The role of vitamin E in normal and damaged skin
- First Online:
- Cite this article as:
- Nachbar, F. & Korting, H.C. J Mol Med (1995) 73: 7. doi:10.1007/BF00203614
- 424 Downloads
The generation of free oxygen radicals is believed to play an important pathogenic role in the development of various disorders. More than other tissues, the skin is exposed to numerous environmental chemical and physical agents such as ultraviolet light causing oxidative stress. In the skin this results in several short- and long-term adverse effects such as erythema, edema, skin thickening, wrinkling, and an increased incidence of skin cancer or precursor lesions. However, accelerated cutaneous aging under the influence of ultraviolet light, usually termed photoaging, is only one of the harmful effects of continual oxygen radical production in the skin. Others include cutaneous inflammation, autoimmunological processes, keratinization disturbances, and vasculitis. Vitamin E is the major naturally occurring lipid-soluble non-enzymatic antioxidant protecting skin from the adverse effects of oxidative stress including photoaging.
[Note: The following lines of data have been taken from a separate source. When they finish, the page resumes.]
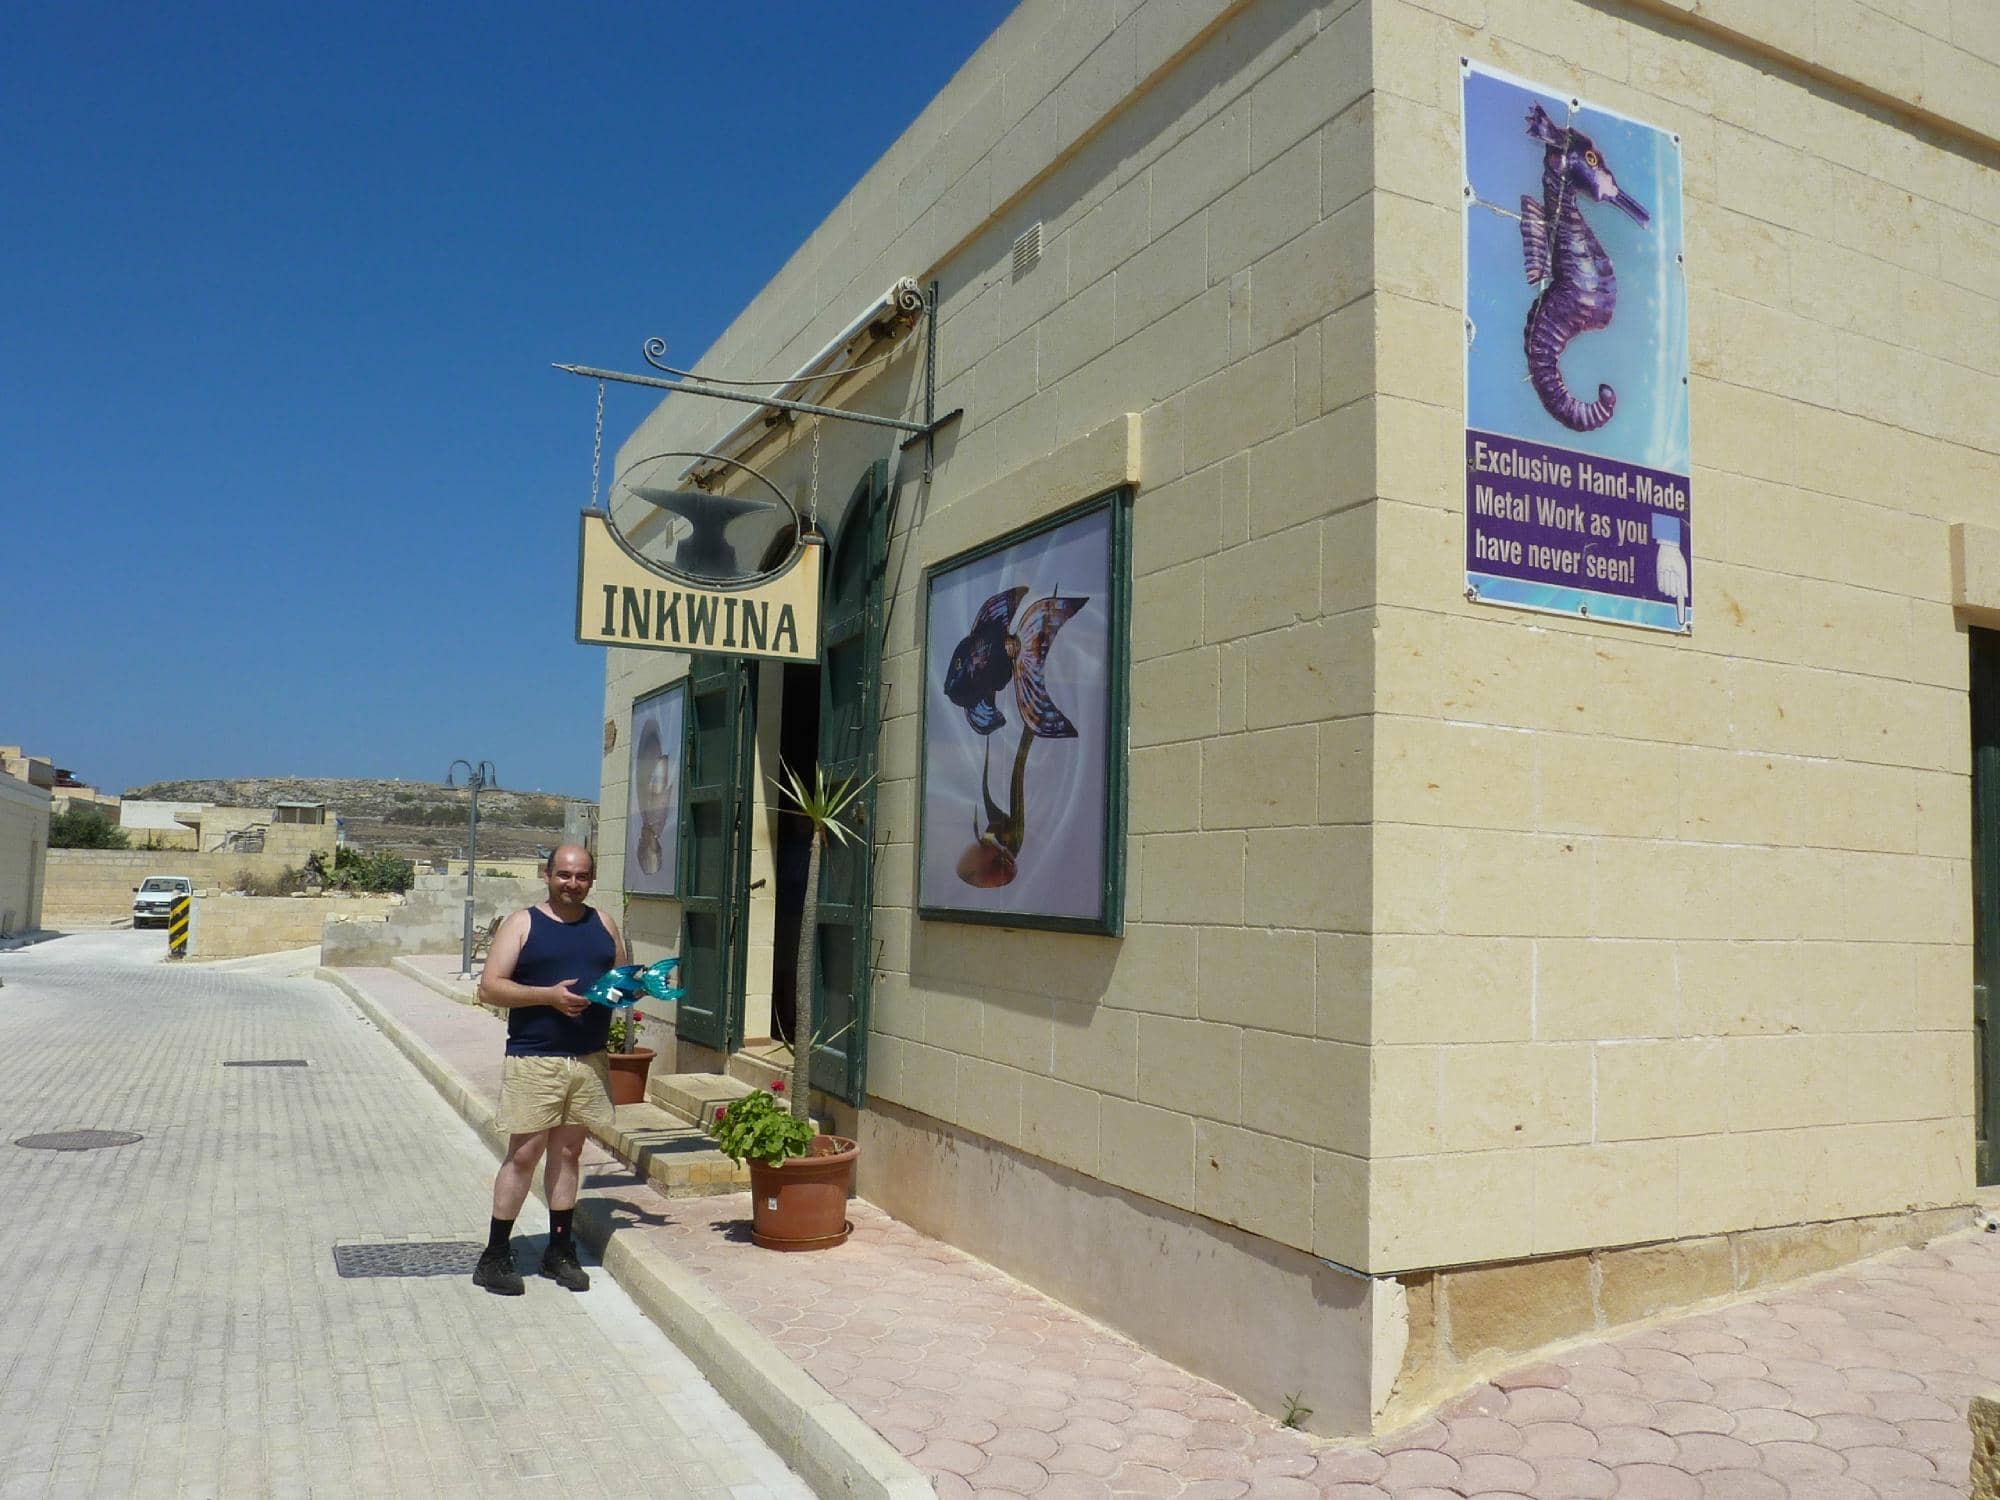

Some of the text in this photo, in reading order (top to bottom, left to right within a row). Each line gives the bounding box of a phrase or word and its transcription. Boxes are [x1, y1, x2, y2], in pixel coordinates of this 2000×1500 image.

[1475, 441, 1685, 512] Exclusive Hand-Made
[1475, 485, 1648, 547] Metal Work as you
[1475, 529, 1635, 584] have never seen!
[601, 584, 799, 653] INKWINA
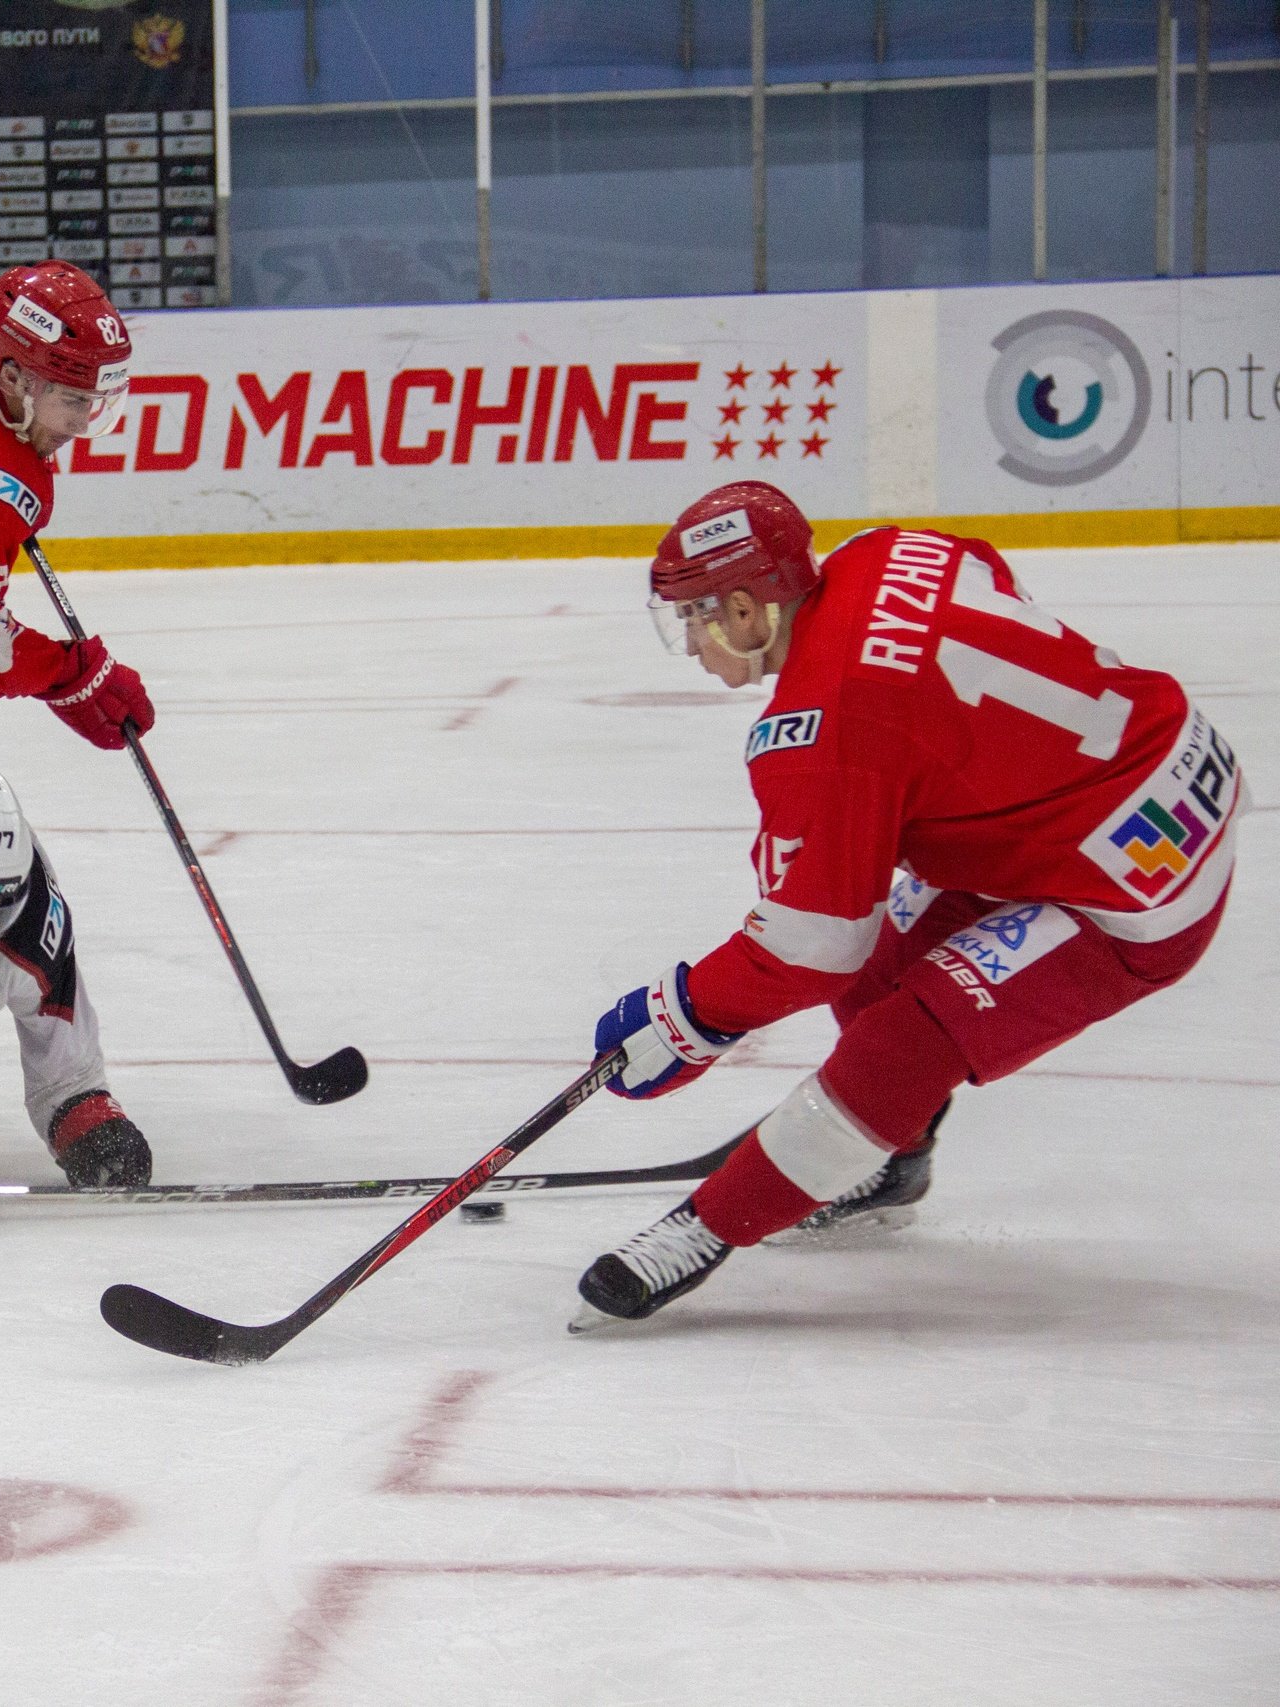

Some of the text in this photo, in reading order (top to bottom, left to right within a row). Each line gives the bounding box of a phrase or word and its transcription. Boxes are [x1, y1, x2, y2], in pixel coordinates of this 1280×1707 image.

[51, 27, 100, 46] ПУТИ
[18, 303, 54, 333] ISKRA
[96, 315, 126, 346] 82
[1166, 351, 1280, 423] int
[223, 361, 700, 470] MACHINE
[689, 520, 738, 543] ISKRA
[32, 548, 74, 617] SHERWOOD
[860, 531, 955, 674] RYZHOV
[746, 713, 817, 753] ARI
[383, 1177, 547, 1198] BAER
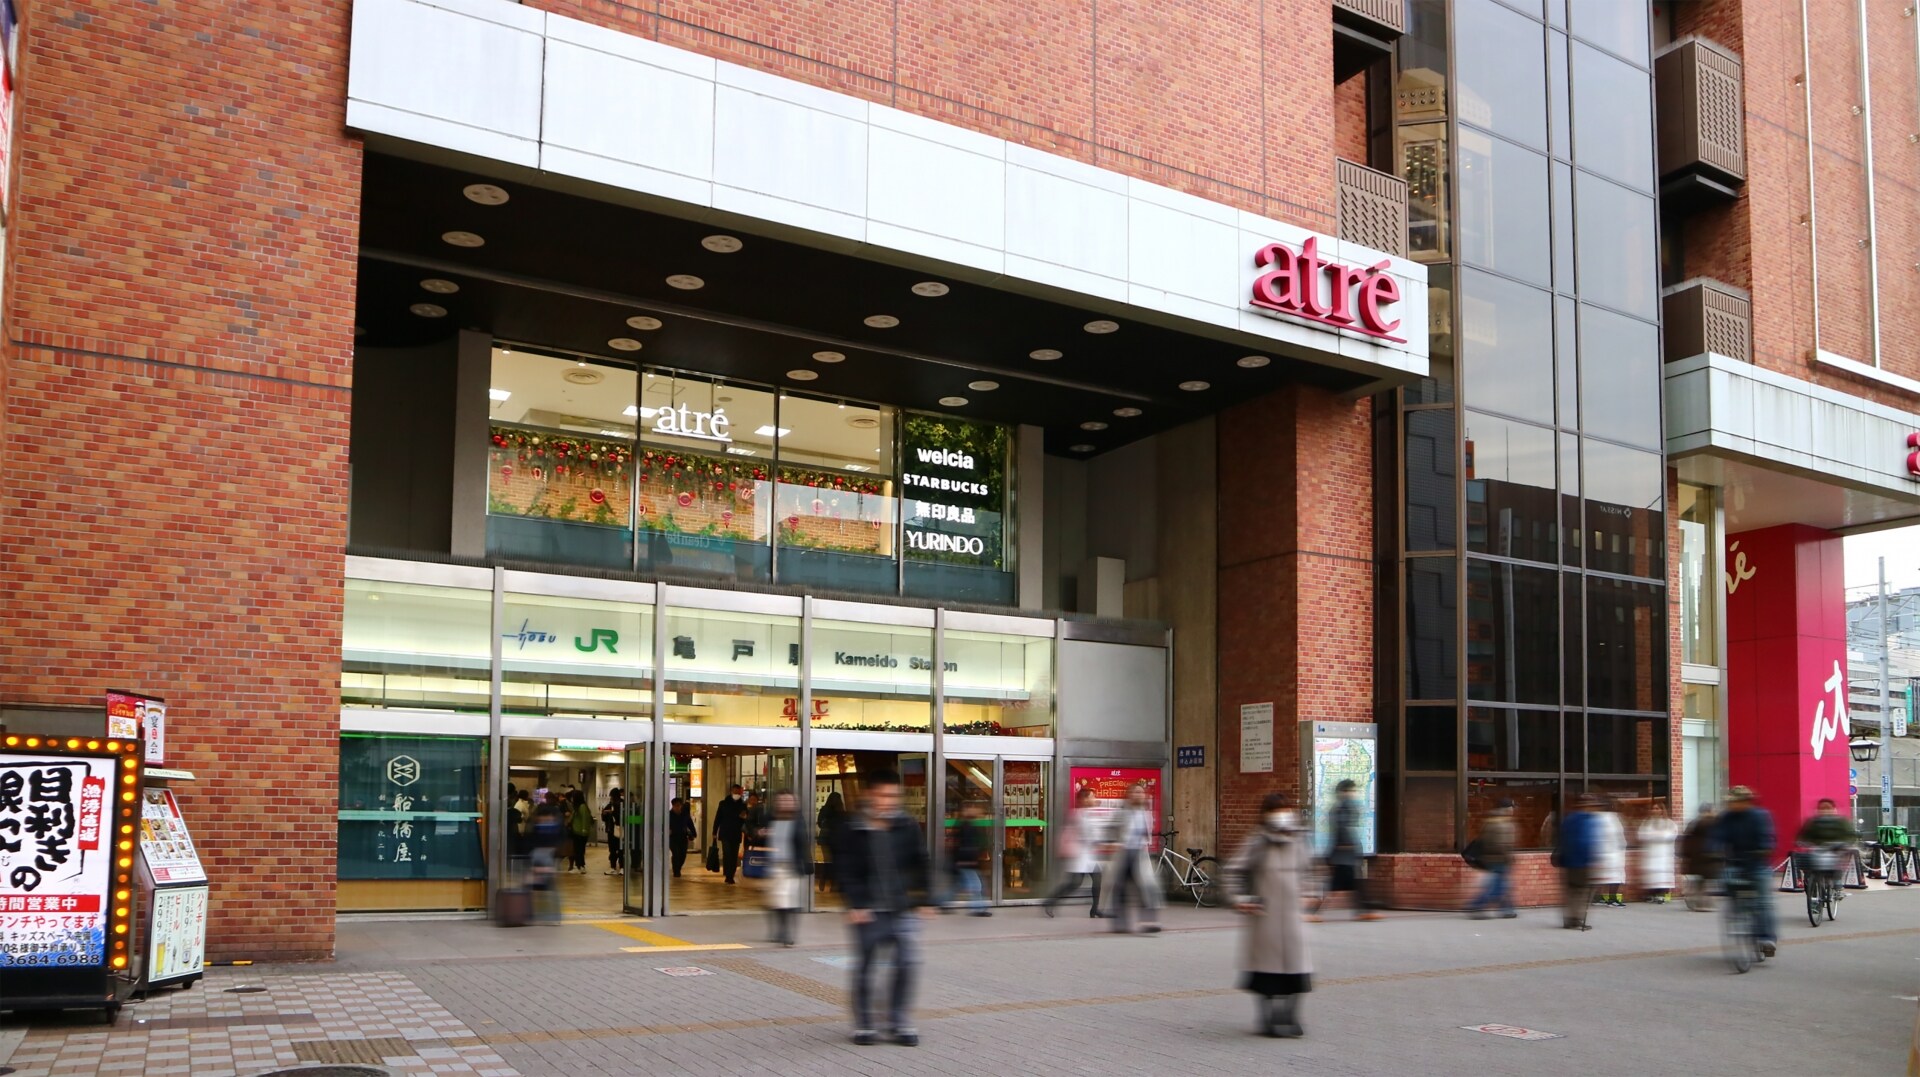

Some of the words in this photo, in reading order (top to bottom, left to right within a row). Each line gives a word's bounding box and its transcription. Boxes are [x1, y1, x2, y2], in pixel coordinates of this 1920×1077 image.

Its chemistry and its physiological function as a major antioxidative and anti-inflammatory agent, in particular with respect to its photoprotective, antiphotoaging properties, are described by summarizing animal studies, in vivo tests on human skin and biochemical in vitro investigations. The possible therapeutic use in different cutaneous disorders, and pharmacological and toxicological aspects are discussed. Many studies document that vitamin E occupies a central position as a highly efficient antioxidant, thereby providing possibilities to decrease the frequency and severity of pathological events in the skin. For this purpose increased efforts in developing appropriate systemic and local pharmacological preparations of vitamin E are required.